What you need to do:
Skip the pictures. Give all the data again exactly.

Entries shown:
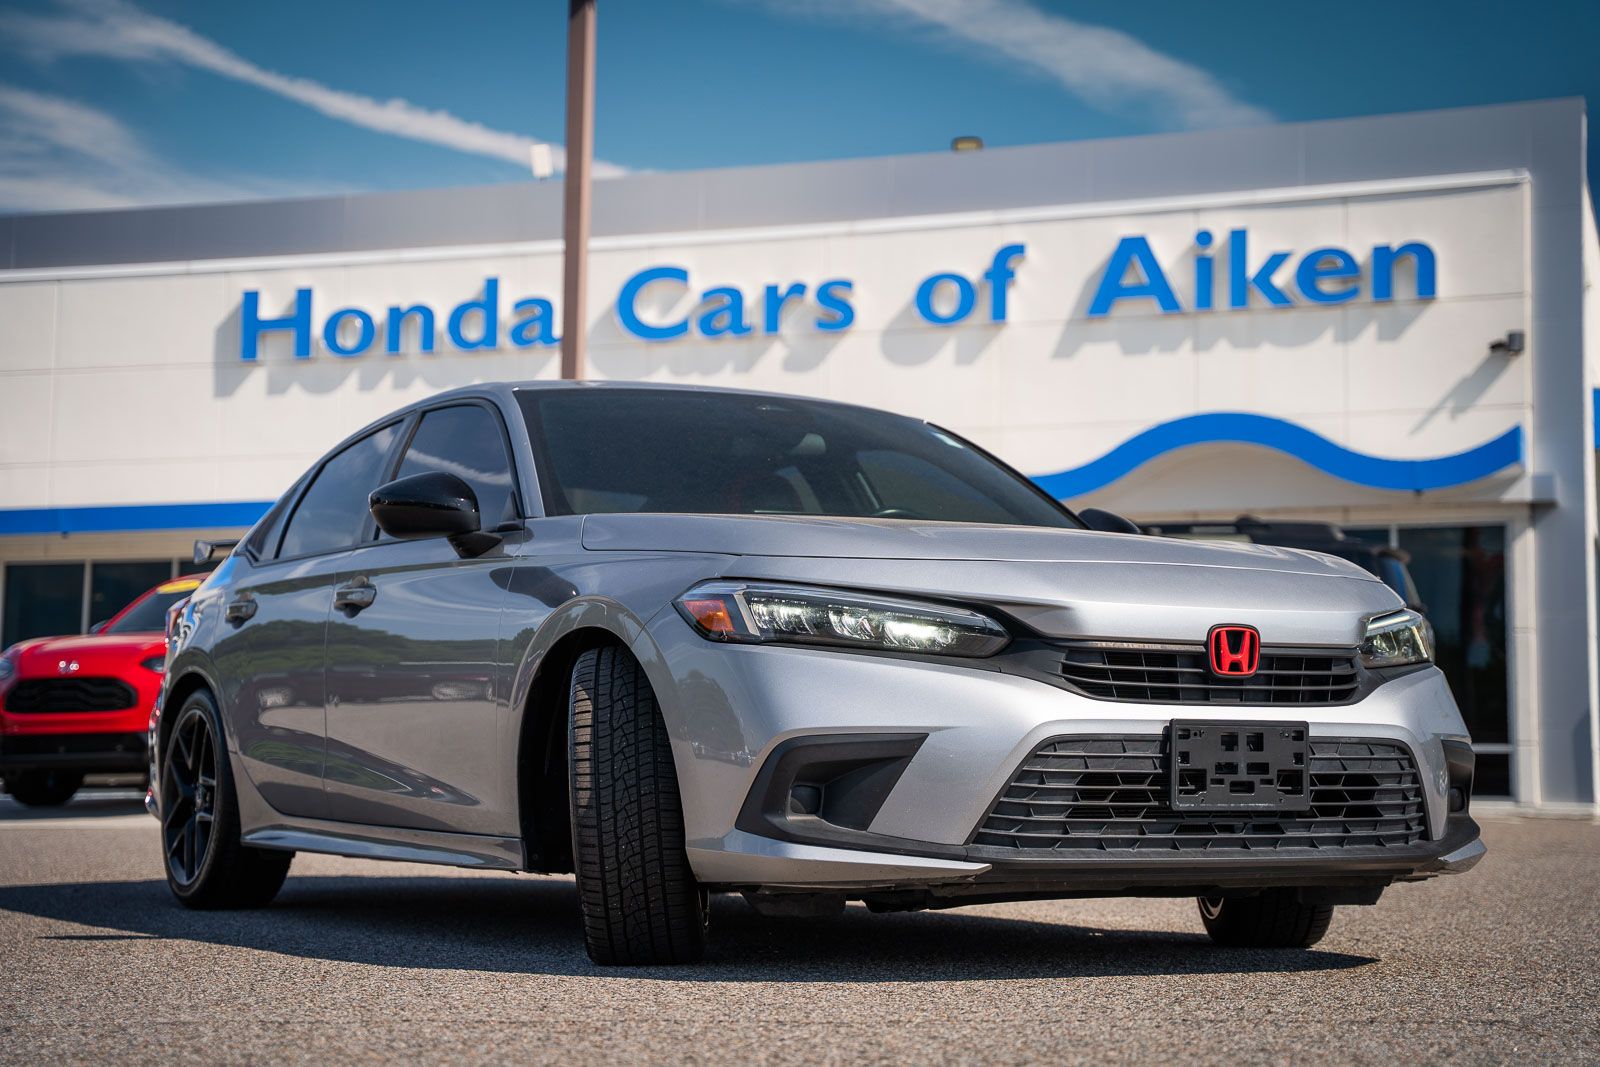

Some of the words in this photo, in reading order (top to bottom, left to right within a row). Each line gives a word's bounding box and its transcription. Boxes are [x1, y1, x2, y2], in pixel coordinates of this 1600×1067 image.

[240, 277, 563, 362] Honda
[616, 266, 855, 342] Cars
[915, 243, 1026, 326] of
[1087, 228, 1437, 317] Aiken
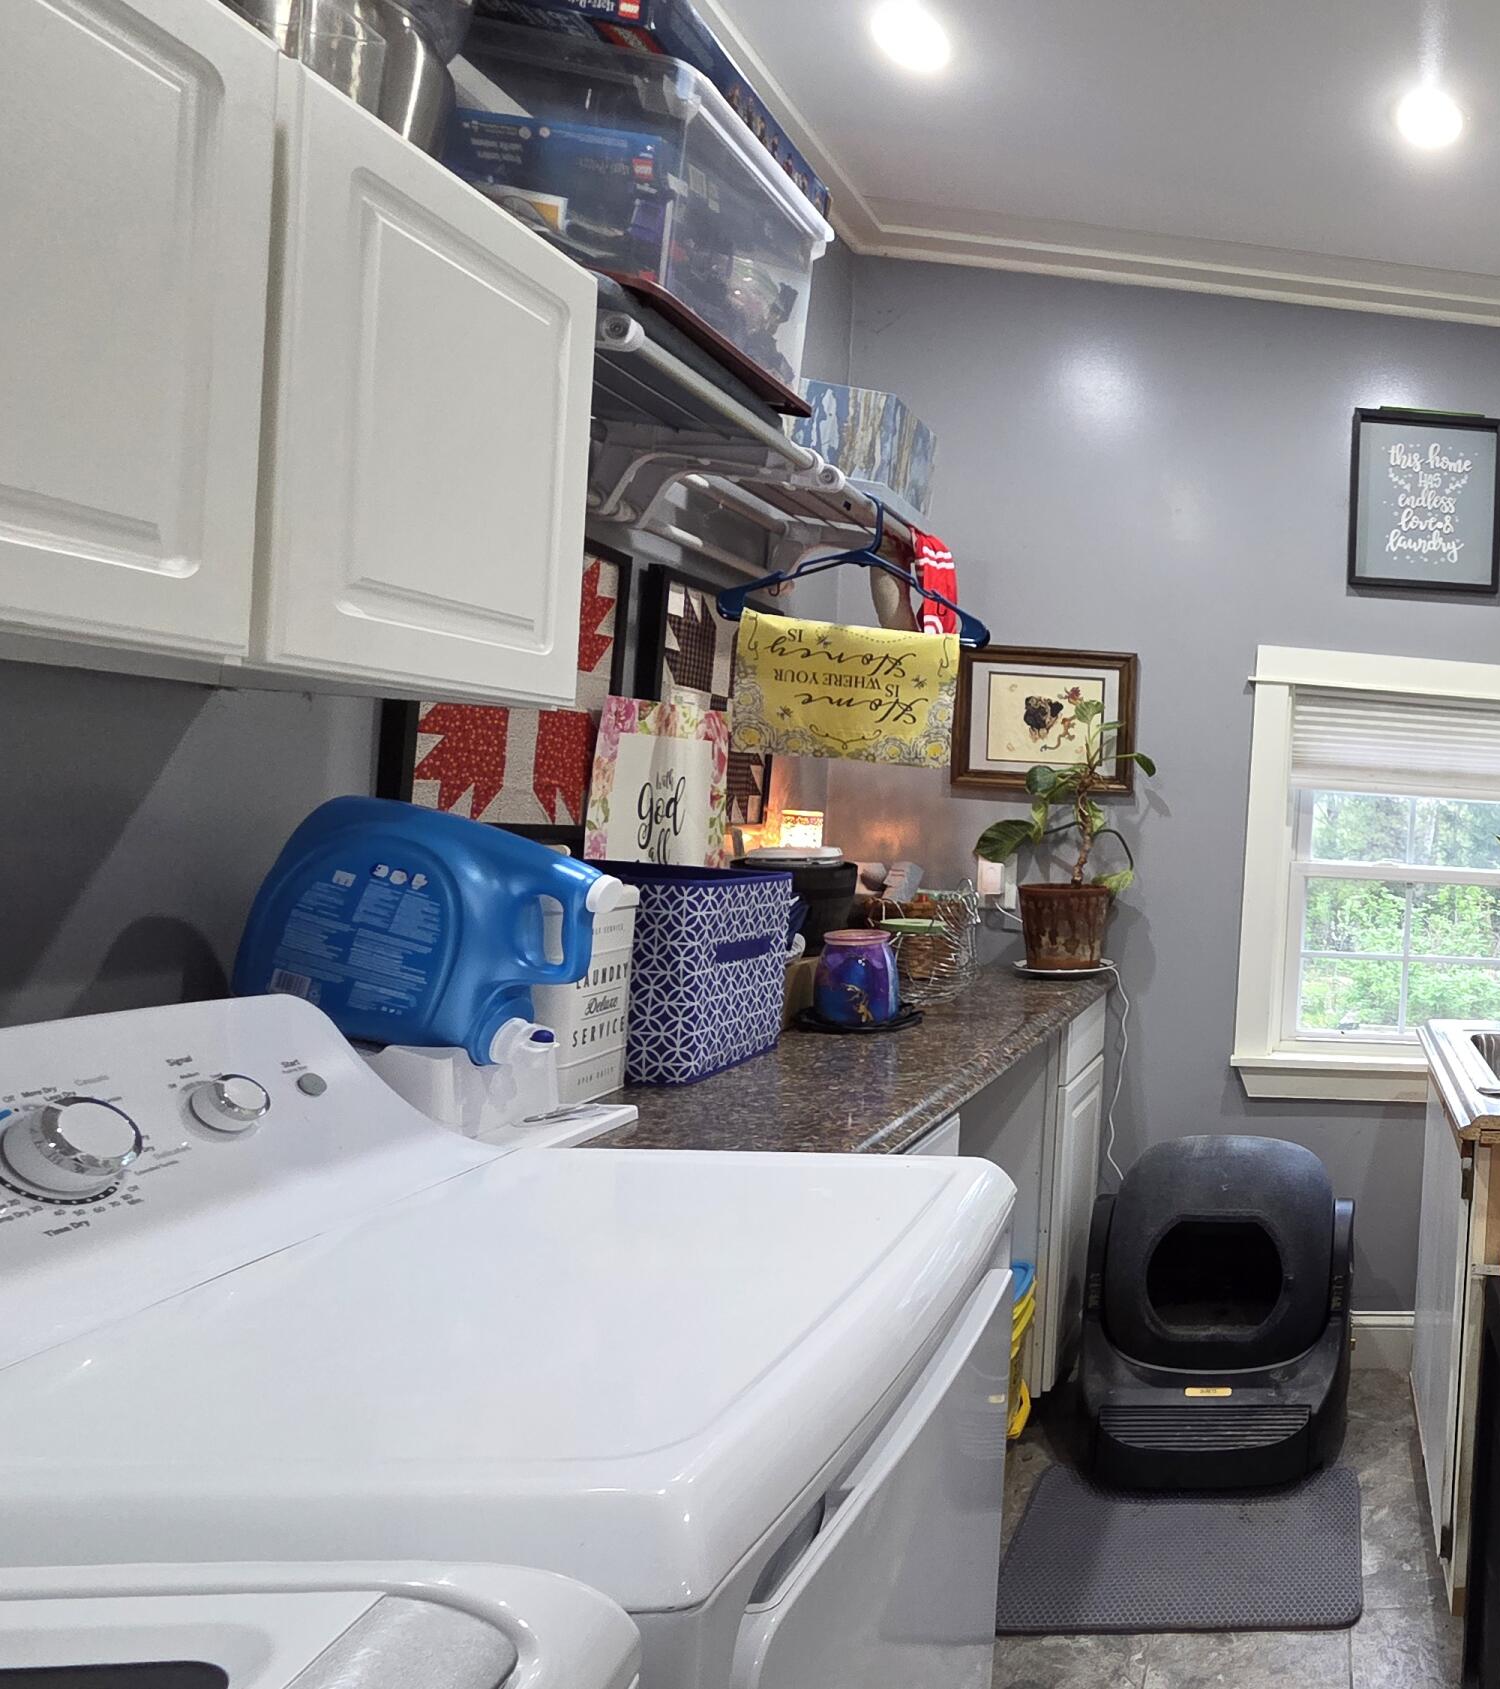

Response box:
Some of the words in this photo, in reading order (top to bottom, left to right within a row). Each line gives a word's bounding box and its transcription. Boxes are [x1, y1, x2, y2], in pixel coordinates of this 1600×1067 image.

[240, 277, 563, 362] Honda
[616, 266, 855, 342] Cars
[915, 243, 1026, 326] of
[1087, 228, 1437, 317] Aiken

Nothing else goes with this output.